News 5. Dezember 2014

Saisonbericht C-JuniorInnen

Bereits nach einem Training und spärlichen Eindrücken erhielt ich die Herausforderung, die C-Junioren alleine zu trainieren. Ich nahm diese Aufgabe an, um die Mannschaft in ihrer fussballerischen Laufbahn weiter zu bringen. So viele Baustellen, die wir haben/hatten, kann man nicht in ein paar Trainings beheben, daher wurde schnell klar, dass wir diese Herbstsaison für den Aufbau brauchen und im Frühling angreifen werden. Das Team hat sehr schnell und gut aufgenommen, was ich will und was wir brauchen, um im Match dagegen zu halten.

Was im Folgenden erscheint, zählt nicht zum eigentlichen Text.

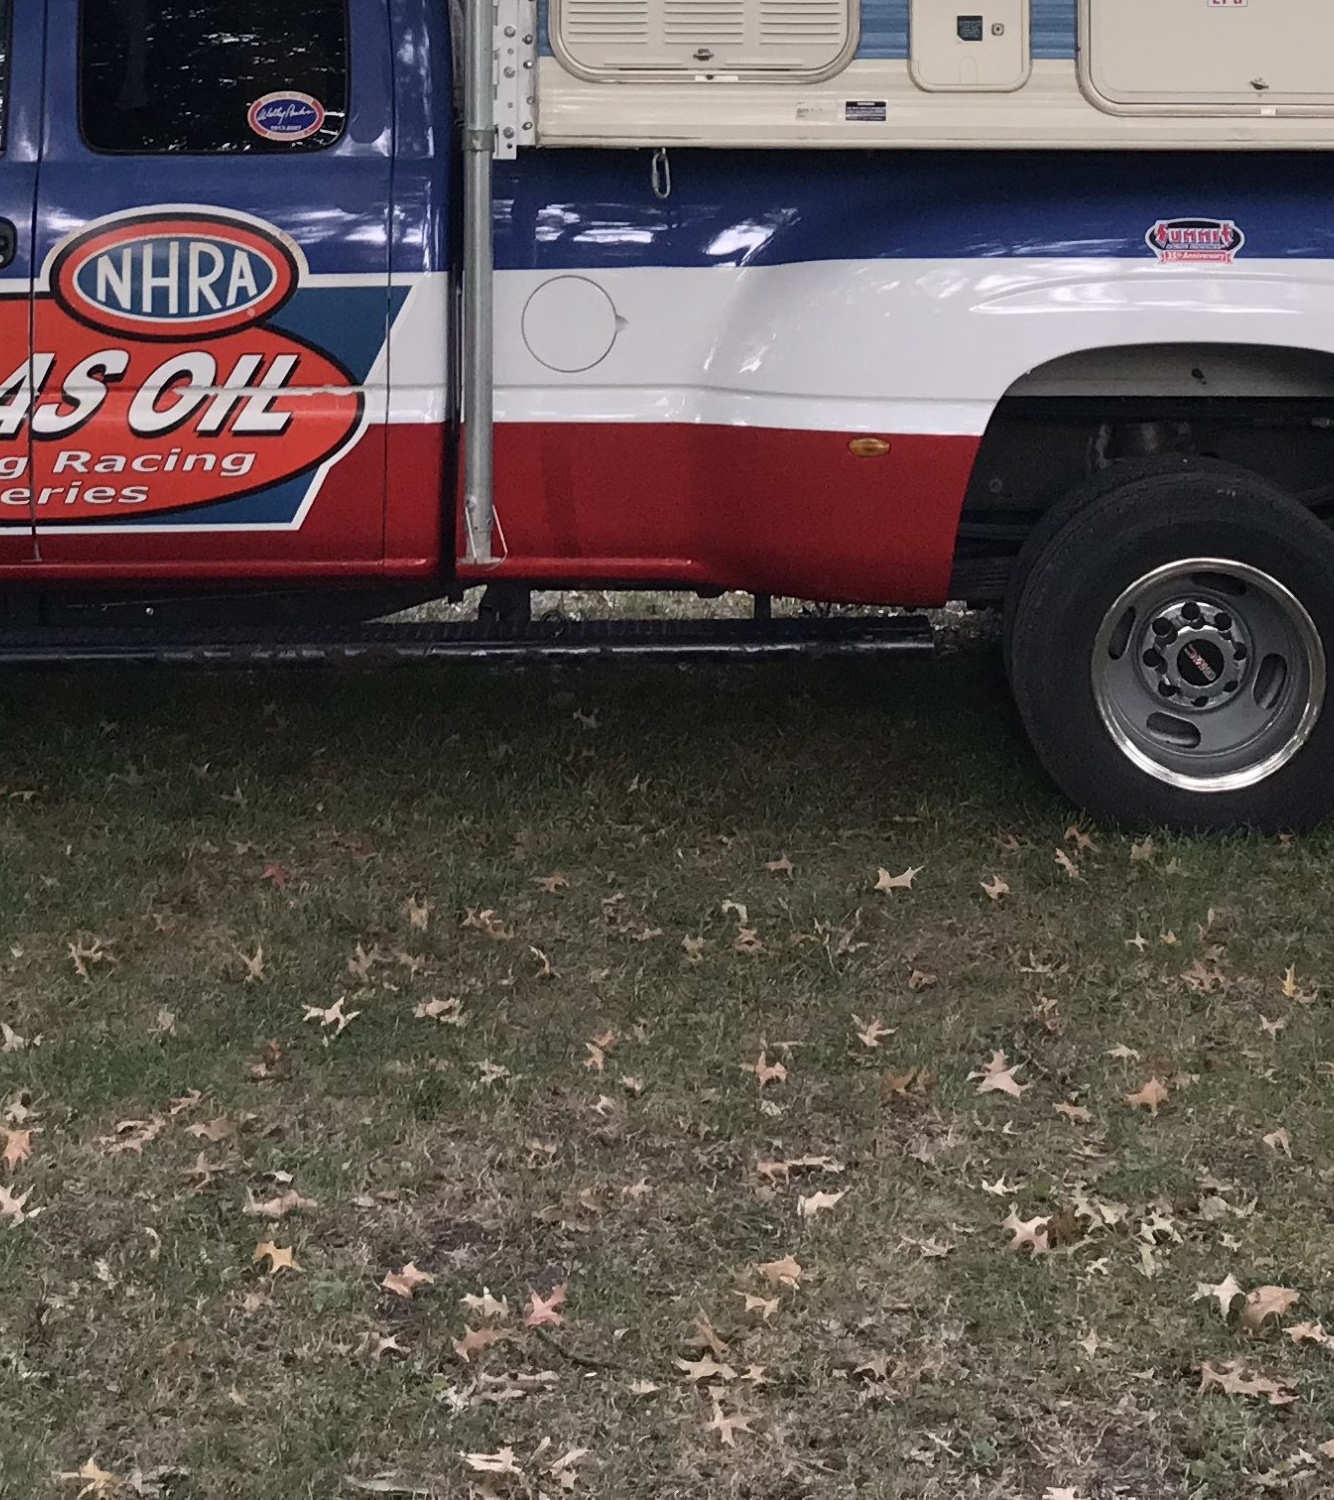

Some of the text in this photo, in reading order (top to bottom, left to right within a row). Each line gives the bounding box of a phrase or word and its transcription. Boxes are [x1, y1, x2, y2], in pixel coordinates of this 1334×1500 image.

[97, 241, 258, 314] NHRA
[127, 350, 302, 438] OIL
[52, 448, 256, 477] Racing

Nach jedem Spiel und sogar nach jedem Training hat man die Fortschritte bemerkt, und es macht riesig Spass, mit jenen zu trainieren, die sich wirklich verbessern wollen, zuhören und das Gelernte auch umsetzen. Klar ist es nicht immer einfach, aber wie waren wir in diesem Alter? Die Mannschaft trainiert nun nach einem halben Jahr genauso, wie man es sich wünscht. Sie geben alles, versuchen das Gesehene umzusetzen und merken, dass es nur im Team funktioniert.

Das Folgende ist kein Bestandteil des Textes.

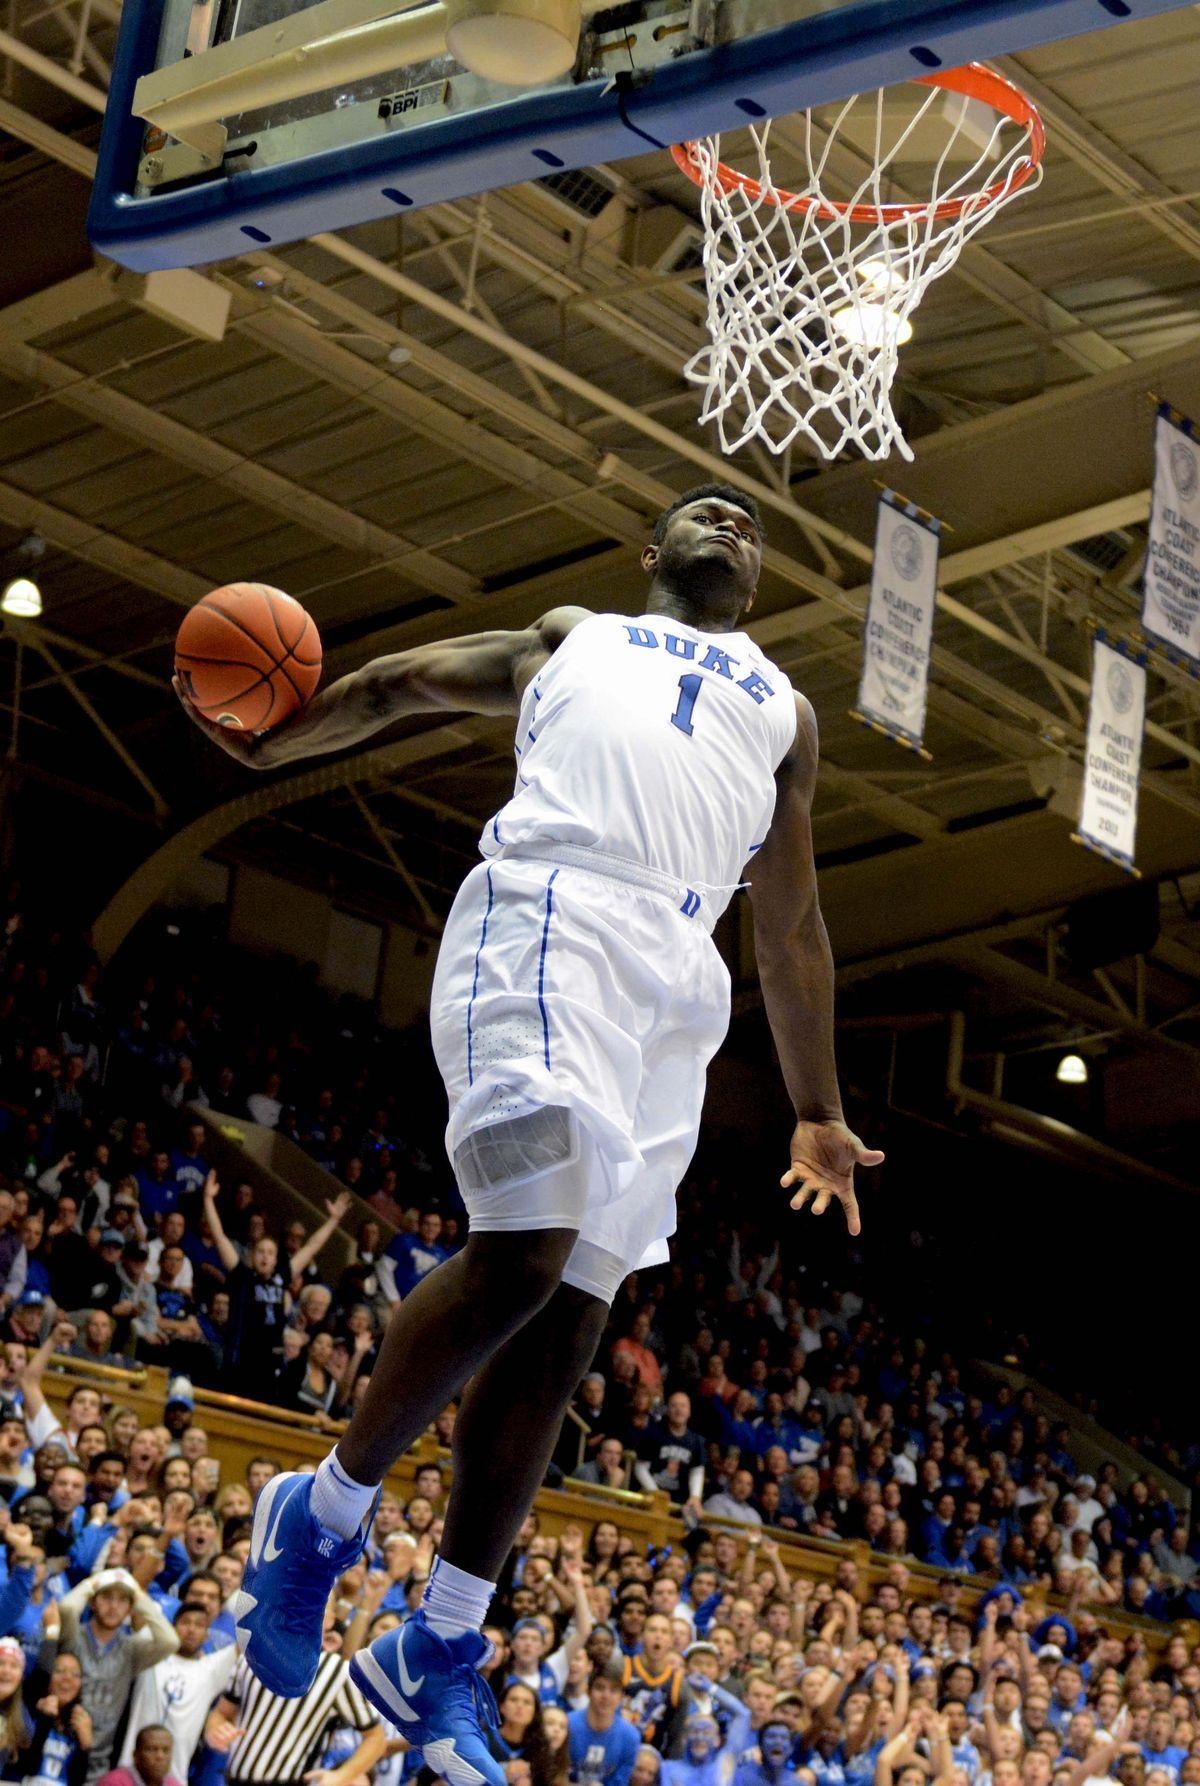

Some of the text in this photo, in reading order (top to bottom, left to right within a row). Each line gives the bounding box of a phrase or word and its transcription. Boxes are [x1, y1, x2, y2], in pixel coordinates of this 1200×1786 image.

[1165, 529, 1195, 557] COAST
[883, 588, 922, 621] ATLANTIC
[623, 625, 775, 705] DUKE
[671, 673, 703, 737] 1
[1106, 742, 1130, 766] COAST
[680, 888, 701, 918] D

Die ersten zwei Spiele gegen FC Bauma und im Cup gegen den FC Egg sahen wir als Akklimatisierung an das grosse Spielfeld. Mit nur einem Training und ohne ein Spiel auf dem grossen Spielfeld ist es nicht verwunderlich, dass das Team sich sehr schwer zurecht fand. Von Spiel zu Spiel wurde es besser und von den nächsten vier Spielen waren wir drei Partien auf Augenhöhe. Mit etwas Glück hätte unsere junge Mannschaft bereits gegen Hinwil (2:5), gegen Gossau (2:4) und gegen Rüti (3:4) die ersten Punkte geholt. Danach ging es gegen die Top 4 unserer Gruppe. Dabei konnten wir viel für die charakterliche Entwicklung gewinnen. Ein Rückschlag war die Niederlage gegen den Tabellenletzten FC Wald, da dieser fünf Spieler aus der 1.Stärkeklasse als Verstärkung erhielt. Gegen meinen Heimatverein FC Mönchaltorf spielten wir eine Halbzeit super mit und sollten mindestens 4 Tore schiessen. Leider ist es oft so, dass bei wenig Glück auch noch das Pech dazu kommt. Zur Halbzeit stand es nicht 2:4, sondern 2:0. Danach merkte man, dass der Gegner körperlich, technisch und taktisch überlegen war.
Dabei haben wir sowohl Schwachpunkte des gesamten Teams, als auch individuelle Defizite festgestellt. Diese werden wir weiterhin beheben, insbesondere im Wintertraining durch gezielte Trainingseinheiten und -methoden.
Im Frühling greifen wir mit Spass, Einsatz und Teamgeist an!